Boom da IA impulsiona emissões de carbono da Microsoft em 25% em um ano, contrariando metas de redução do aquecimento global
O relatório de sustentabilidade mais recente da Microsoft revela um aumento chocante de 25% nas emissões de gases de efeito estufa no último ano fiscal, impulsionado principalmente pela expansão de data centers para suportar a IA.
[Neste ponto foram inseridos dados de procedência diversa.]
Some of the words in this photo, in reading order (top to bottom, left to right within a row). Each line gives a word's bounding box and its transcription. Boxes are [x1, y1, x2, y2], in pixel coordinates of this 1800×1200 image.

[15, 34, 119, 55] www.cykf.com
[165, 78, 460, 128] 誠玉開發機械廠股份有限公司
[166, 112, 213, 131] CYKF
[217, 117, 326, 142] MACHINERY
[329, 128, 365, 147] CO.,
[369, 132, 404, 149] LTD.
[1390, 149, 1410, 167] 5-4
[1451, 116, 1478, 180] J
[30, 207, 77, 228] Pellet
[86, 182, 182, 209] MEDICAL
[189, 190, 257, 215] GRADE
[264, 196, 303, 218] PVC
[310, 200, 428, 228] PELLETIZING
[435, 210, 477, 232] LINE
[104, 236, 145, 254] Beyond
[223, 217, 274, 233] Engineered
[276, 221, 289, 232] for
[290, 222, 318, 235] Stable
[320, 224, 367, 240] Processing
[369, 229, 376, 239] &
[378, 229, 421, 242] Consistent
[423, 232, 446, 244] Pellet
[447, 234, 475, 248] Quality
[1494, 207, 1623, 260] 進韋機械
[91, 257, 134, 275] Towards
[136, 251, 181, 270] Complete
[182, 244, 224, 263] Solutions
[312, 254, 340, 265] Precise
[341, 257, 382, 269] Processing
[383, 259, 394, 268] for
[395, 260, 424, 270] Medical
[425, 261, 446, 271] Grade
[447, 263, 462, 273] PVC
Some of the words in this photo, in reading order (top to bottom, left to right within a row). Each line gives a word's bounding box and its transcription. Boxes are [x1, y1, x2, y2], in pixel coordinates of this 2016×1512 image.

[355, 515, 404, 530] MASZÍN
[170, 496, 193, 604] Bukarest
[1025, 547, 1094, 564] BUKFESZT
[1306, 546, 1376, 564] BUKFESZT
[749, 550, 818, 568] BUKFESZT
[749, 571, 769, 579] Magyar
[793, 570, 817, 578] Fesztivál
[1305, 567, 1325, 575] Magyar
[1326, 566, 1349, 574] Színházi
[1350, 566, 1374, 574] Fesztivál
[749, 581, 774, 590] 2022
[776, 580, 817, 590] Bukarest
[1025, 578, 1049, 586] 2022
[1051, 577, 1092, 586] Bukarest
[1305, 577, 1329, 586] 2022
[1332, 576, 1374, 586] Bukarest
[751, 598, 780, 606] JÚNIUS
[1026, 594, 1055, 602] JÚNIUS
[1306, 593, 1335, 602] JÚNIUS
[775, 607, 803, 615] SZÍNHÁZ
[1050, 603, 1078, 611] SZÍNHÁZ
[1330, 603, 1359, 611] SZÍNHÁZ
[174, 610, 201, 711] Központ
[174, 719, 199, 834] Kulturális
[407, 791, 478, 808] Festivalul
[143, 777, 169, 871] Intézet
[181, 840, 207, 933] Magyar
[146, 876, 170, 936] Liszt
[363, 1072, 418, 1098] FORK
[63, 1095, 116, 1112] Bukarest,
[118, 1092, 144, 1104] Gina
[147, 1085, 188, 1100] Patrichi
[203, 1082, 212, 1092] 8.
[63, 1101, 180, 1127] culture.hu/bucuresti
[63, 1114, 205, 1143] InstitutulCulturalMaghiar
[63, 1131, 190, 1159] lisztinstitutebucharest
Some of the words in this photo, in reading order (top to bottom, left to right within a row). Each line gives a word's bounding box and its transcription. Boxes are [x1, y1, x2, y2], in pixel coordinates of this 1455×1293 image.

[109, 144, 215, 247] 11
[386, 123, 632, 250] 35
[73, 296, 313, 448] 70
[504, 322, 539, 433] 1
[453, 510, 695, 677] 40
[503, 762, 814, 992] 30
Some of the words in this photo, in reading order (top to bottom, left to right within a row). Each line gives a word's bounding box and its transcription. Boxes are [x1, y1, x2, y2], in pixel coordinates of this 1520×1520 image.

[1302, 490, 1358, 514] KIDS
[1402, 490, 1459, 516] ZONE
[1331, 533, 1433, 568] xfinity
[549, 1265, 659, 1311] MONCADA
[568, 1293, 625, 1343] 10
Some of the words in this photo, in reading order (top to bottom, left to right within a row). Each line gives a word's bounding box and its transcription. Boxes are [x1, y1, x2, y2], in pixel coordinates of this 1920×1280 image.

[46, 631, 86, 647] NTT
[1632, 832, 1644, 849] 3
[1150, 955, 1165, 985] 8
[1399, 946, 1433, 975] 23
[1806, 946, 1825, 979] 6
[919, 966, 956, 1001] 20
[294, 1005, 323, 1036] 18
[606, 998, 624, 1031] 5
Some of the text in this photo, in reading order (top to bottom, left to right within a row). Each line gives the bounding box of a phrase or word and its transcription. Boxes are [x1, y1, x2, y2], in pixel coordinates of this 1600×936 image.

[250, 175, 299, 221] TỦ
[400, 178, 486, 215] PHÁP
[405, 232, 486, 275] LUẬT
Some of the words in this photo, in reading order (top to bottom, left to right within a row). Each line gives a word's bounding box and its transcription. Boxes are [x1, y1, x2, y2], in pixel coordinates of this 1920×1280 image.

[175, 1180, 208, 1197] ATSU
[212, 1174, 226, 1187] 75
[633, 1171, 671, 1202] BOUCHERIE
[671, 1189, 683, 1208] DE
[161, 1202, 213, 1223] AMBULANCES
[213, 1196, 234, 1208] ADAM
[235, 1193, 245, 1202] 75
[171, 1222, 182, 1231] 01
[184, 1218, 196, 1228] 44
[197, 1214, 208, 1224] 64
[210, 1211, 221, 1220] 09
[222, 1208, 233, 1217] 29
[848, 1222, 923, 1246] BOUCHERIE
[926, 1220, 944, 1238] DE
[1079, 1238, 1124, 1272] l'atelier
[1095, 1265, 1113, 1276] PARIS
A Microsoft revelou em seu Relatório de Sustentabilidade de 2026 que as emissões totais de gases de efeito estufa da empresa em 2025 aumentaram 25% em comparação com o ano anterior. Esse número representa 20 milhões de toneladas métricas de CO2 equivalente, um salto de 16 milhões de toneladas métricas em 2024, marcando o maior aumento anual desde pelo menos o período pré-pandemia. As principais razões por trás desse salto significativo são dois fatores. Primeiro, a massiva expansão da infraestrutura de data centers para atender à crescente demanda por poder de processamento para serviços de IA. Segundo, a decisão da empresa de parar de comprar certos tipos de certificados de energia renovável (RECs), que eram usados para compensar o consumo de energia. Os dados do relatório também apontam para uma mudança interessante. A proporção de emissões de carbono provenientes do uso direto de eletricidade (conhecido como Scope 2) aumentou significativamente. De apenas 2% das emissões totais em 2024, saltou para 13% em 2025, refletindo a enorme quantidade de eletricidade necessária para os data centers de IA. Esta situação não é exclusiva da Microsoft, mas uma tendência observada em toda a indústria de tecnologia. No ano passado, a Amazon registrou um aumento de 16% nas emissões de carbono, enquanto o Google teve um aumento de 18%. Esses números sublinham o imenso desafio que as empresas de tecnologia enfrentam para equilibrar o desenvolvimento de tecnologias de IA de alto consumo de energia com suas metas de sustentabilidade e ambientais previamente declaradas.
Esta notícia reflete os custos ambientais ocultos por trás do crescimento da tecnologia de IA e desafia as metas de sustentabilidade das gigantes da tecnologia em todo o mundo, o que pode impactar sua imagem e políticas ambientais a longo prazo.